SUPPLIED DATA START
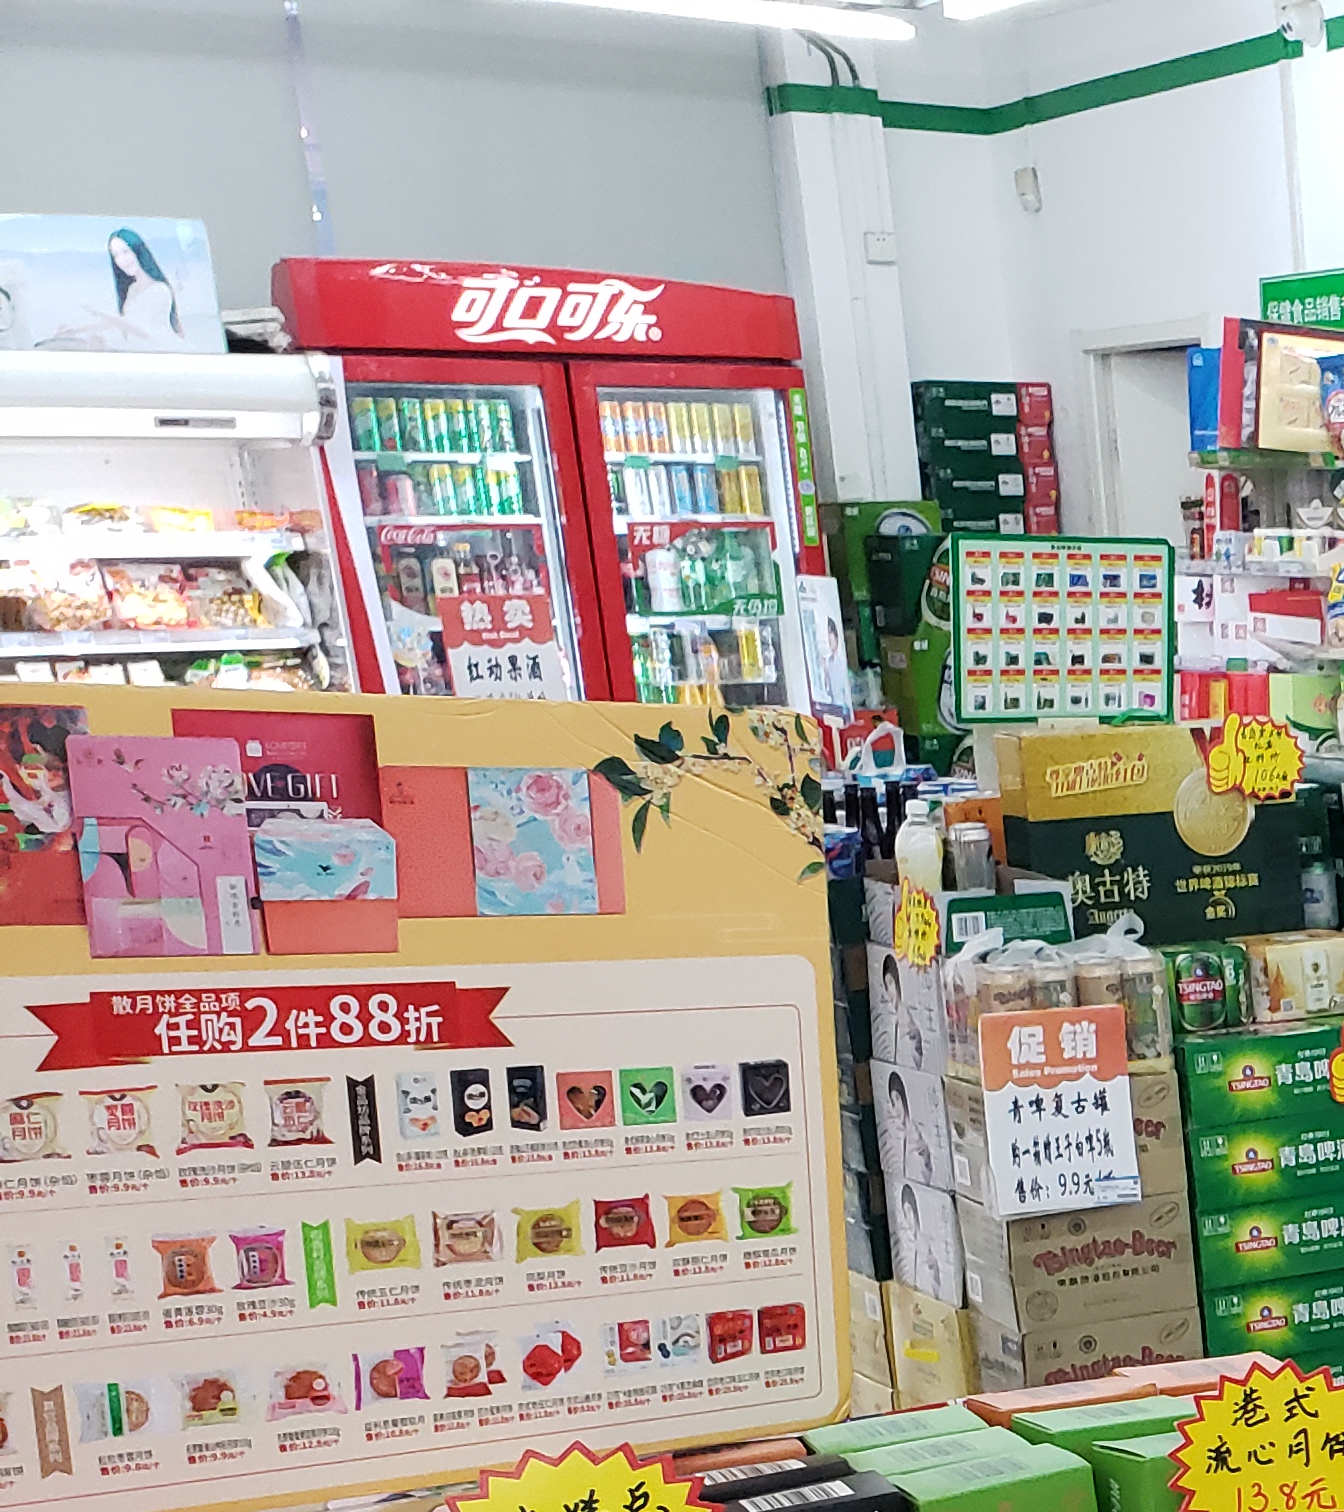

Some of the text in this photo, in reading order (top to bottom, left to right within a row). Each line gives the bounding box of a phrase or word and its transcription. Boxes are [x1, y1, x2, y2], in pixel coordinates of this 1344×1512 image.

[450, 277, 666, 344] 可口可乐
[1068, 863, 1152, 908] 奥古特
[110, 992, 242, 1016] 散月饼全品项
[154, 993, 443, 1054] 任购2件88折
[1006, 1021, 1097, 1065] 促销
[1275, 1058, 1331, 1087] 青岛啤
[1230, 1385, 1320, 1429] 港式
SUPPLIED DATA END
All of the entries above need to be repeated exactly, minus the pictures.

TASK RESPONSE:
Some of the text in this photo, in reading order (top to bottom, left to right within a row). Each line gives the bounding box of a phrase or word and its transcription. Boxes are [x1, y1, x2, y2], in pixel coordinates of this 1344×1512 image.

[450, 277, 666, 344] 可口可乐
[1068, 863, 1152, 908] 奥古特
[110, 992, 242, 1016] 散月饼全品项
[154, 993, 443, 1054] 任购2件88折
[1006, 1021, 1097, 1065] 促销
[1275, 1058, 1331, 1087] 青岛啤
[1230, 1385, 1320, 1429] 港式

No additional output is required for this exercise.